C. Sullivan feedle at feedle.net
Thu Dec 6 11:27:31 PST 2001

On Fri, 30 Nov 2001, Rick Moen wrote:

> > Hardware-wise how low should we go, in your opinion?
> If you go under a 486 with 64MB RAM and a 2.1 GB hard drive, you'll
> probably regret it.  But maybe not.  

A well tuned 486 should have more than enough performance.   Any
Pentium-class machine should be more than enough.

As a point of reference, here I run an MP3 streamer box on a Pentium 200
machine with 64 megs of RAM.  It gets a couple of hundred web hits per day
by housemates requesting music for the stream.  It has no trouble handling
the webhits AND dishing out a single mp3 stream.

Similarly, I have a moderate volume (300+ inbound messages per
day) mailing list machine that's a Pentium 133.  It barely breaks a sweat.

> I assume that puts your hardware picture in a bit better perspective?  
> People new to Linux -- especially servers -- usually make the mistake of
> vastly overestimating the need for CPU power, while slightly
> shortchanging I/O and in particular the disk subsystem.   

This cannot be overstated.  People seem to forget how lousy performace
really is on IDE, especially if you're talking an older box that might
only support a 33MHz IDE bus.  Running two disks as master/slave only
increases the suckyness.  Heavy disk usage on a low-end Pentium box can
really bring things to a full and complete stop.

This is why it's also important to get as much RAM as you can.  Reduce
disk paging, especially if you are using IDE.  Apache can be a memory hog
(especially if you load lots of modules).  Smaller, thinner HTTP servers
(like boa) can also help here, especially if you don't need fancy shiznat 
like PHP.  

A 486 with 64 megs of RAM and a lean Linux install using Boa as a
webserver should perform nicely, with enough room to spare.

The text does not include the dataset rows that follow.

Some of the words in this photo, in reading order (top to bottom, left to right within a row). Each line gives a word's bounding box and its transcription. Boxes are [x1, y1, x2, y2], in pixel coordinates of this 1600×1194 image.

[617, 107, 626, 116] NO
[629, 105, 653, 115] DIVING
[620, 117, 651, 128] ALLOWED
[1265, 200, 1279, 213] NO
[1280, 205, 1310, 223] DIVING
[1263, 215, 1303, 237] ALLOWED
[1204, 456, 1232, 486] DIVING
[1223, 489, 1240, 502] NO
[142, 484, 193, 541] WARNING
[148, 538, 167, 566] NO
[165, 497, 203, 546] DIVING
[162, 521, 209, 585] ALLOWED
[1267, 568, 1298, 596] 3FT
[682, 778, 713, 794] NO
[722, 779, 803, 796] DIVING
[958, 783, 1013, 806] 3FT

> Better have a backup strategy.  Using software RAID-1 (mirroring) will
> make you feel clever right up until you realise that something's gone
> from _both_ drives.  

Also keep in mind that RAID recovery on Linux can be a scary
experience.  It WILL work, but the warnings that raidtools gives you will
(and should, really) make you want to change your pants.

Better to not depend on the RAID to save your butt:  there's no excuse for
good backup strategy.  Also, RAID will also cause performance issues.

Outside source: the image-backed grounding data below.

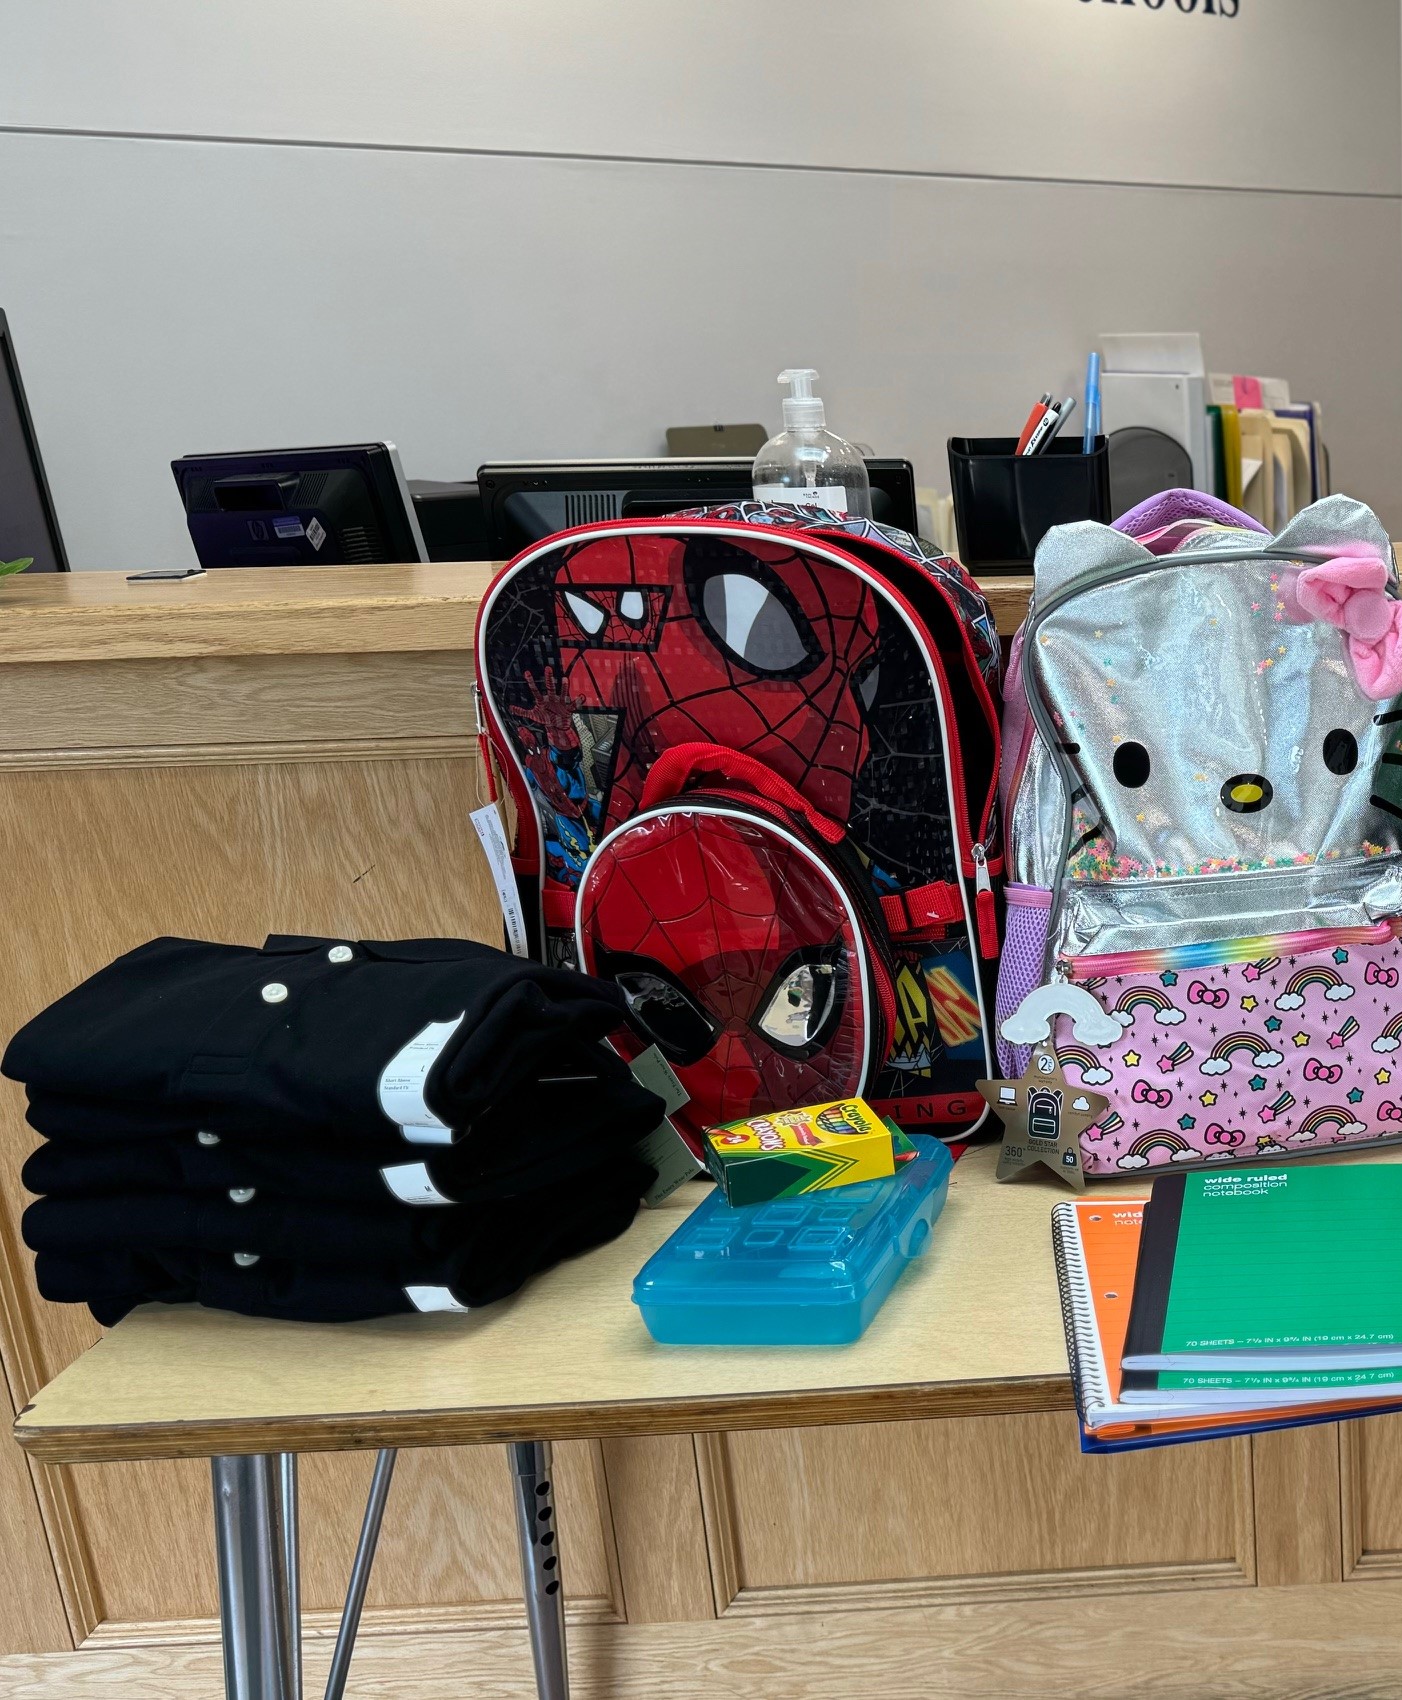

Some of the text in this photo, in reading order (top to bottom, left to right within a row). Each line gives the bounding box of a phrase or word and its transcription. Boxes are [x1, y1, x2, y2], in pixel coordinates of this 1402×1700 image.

[839, 1103, 873, 1134] Crayola
[747, 1118, 787, 1151] CRAYONS
[1027, 1143, 1060, 1155] COLLECTION
[1065, 1155, 1075, 1163] 50
[1204, 1172, 1288, 1184] wide ruled
[1202, 1180, 1288, 1192] composition
[1202, 1187, 1270, 1198] notebook
[1185, 1339, 1199, 1348] 70
[1199, 1338, 1235, 1347] SHEETS
[1263, 1336, 1274, 1345] IN
[1301, 1335, 1312, 1343] IN
[1313, 1334, 1329, 1342] (19
[1354, 1333, 1376, 1341] 24.7
[1376, 1333, 1394, 1341] cm)
[1182, 1377, 1196, 1385] 70
[1196, 1376, 1233, 1385] SHEETS
[1261, 1376, 1273, 1384] IN
[1301, 1375, 1312, 1384] IN
[1313, 1374, 1329, 1384] (19
[1377, 1371, 1395, 1380] cm)
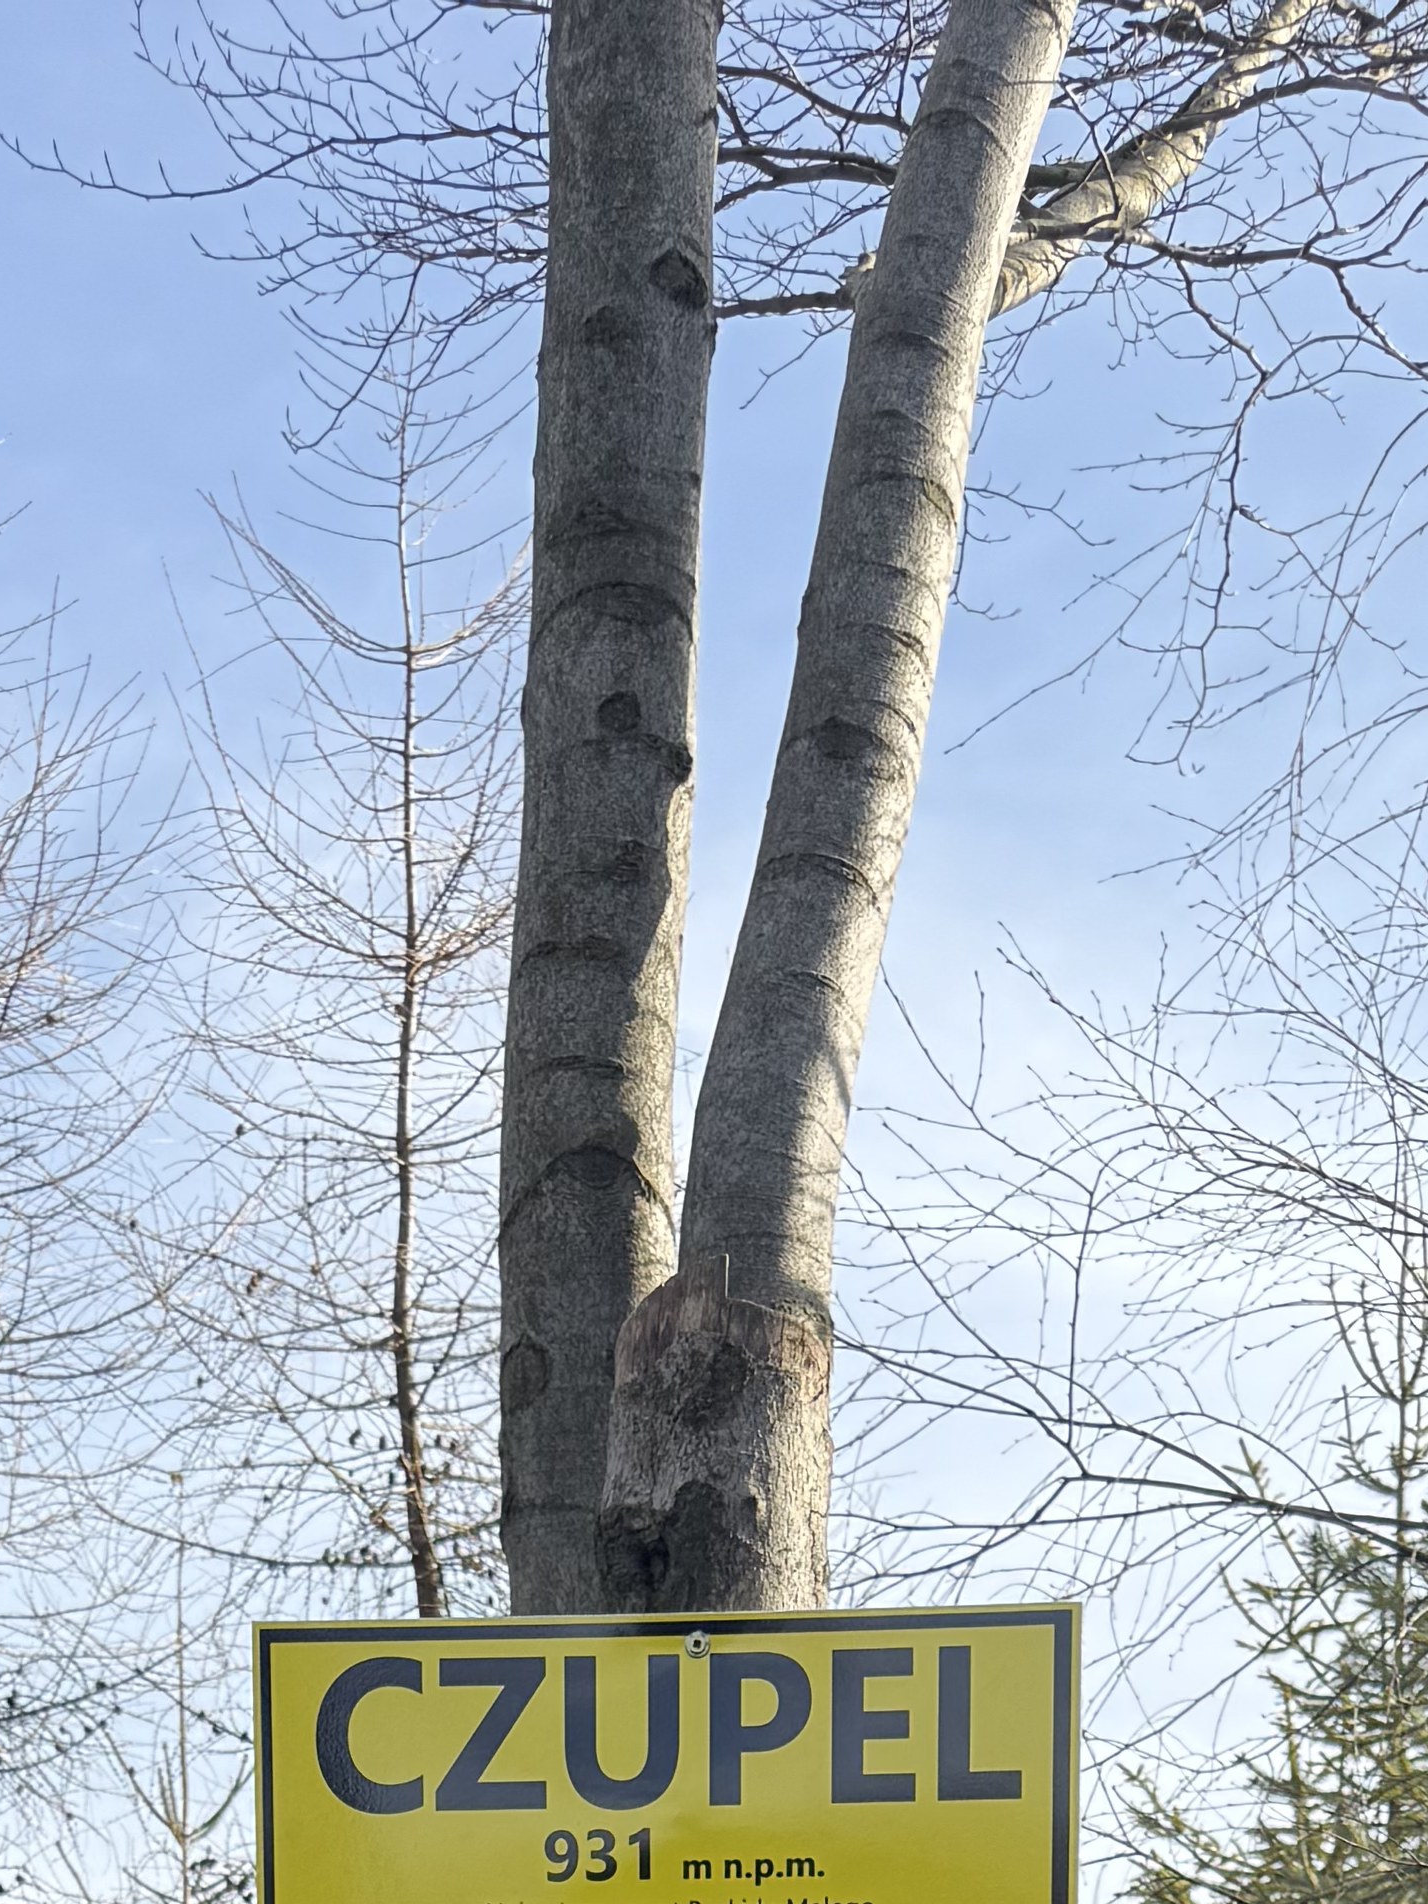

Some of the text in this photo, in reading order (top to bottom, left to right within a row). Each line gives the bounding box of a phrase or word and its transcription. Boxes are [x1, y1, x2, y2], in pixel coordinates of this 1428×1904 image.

[316, 1645, 1022, 1815] CZUPEL
[544, 1828, 825, 1887] 931 m n.p.m.

> And it'd be nice if there were a nice, safe choice in reliable,
> well-supported PCI ethernet chipsets.  It's difficult to say what's your 
> safe bet, these days.  Intel is playing variation-du-jour with its
> EthernetExpressPro 100 chipset, and the glory days of the DEC
> 1040/21041/21140 "Tulip" chipset ended shortly after Intel bought and
> discontinued the production line.  Someone might be able to recommend a
> reliable Tulip clone used by somebody.  (NetGear?  Samsung?  LinkSys?
> ADMtek? ASIX?  LiteOn?  MXIC?  STmicro?  Kingston?  D-Link?)

Although the driver is still a bit sketchy, I've noticed a trend to the
RTL8139 chips.  YMMV.  The Macronix versions of this chip were poorly
supported, but that may have improved recently (I had nothing but trouble
with 2.2.19 and a Macronix chipset)

Linksys is making a good Tulip clone card.  There are still a small number
of Netgear 310TX cards available, but the newer ones have a slightly buggy
Tulip clone (LiteOn) chipset.  Check Fry's (ick).. the Fry's here in
Phoenix AZ has a good quantity of the "new" Netgear 310 cards.

The common trend on the new good (that is to say, usable) Tulip clone
cards is they are LiteOn chipsets.  

> You see, the other mistake newcomers to hardware for Linux keep making
> is to assume that newer is better.  Older, standard components are
> likely to have mature, well-tested drivers.  If you stick to quality
> parts, you can do very well indeed.  (This is why a lot of people 
> stocked up on $24 NetGear cards that had genuine DEC Tulip chips on
> them, before supply ran out.  They're still good.)

Even the LiteOn clone Netgear 310TX cards didn't suck.  

I couldn't agree more that newer isn't always better in the Linux
world.  Don't get me started on VIA 686 motherboards.   Argh.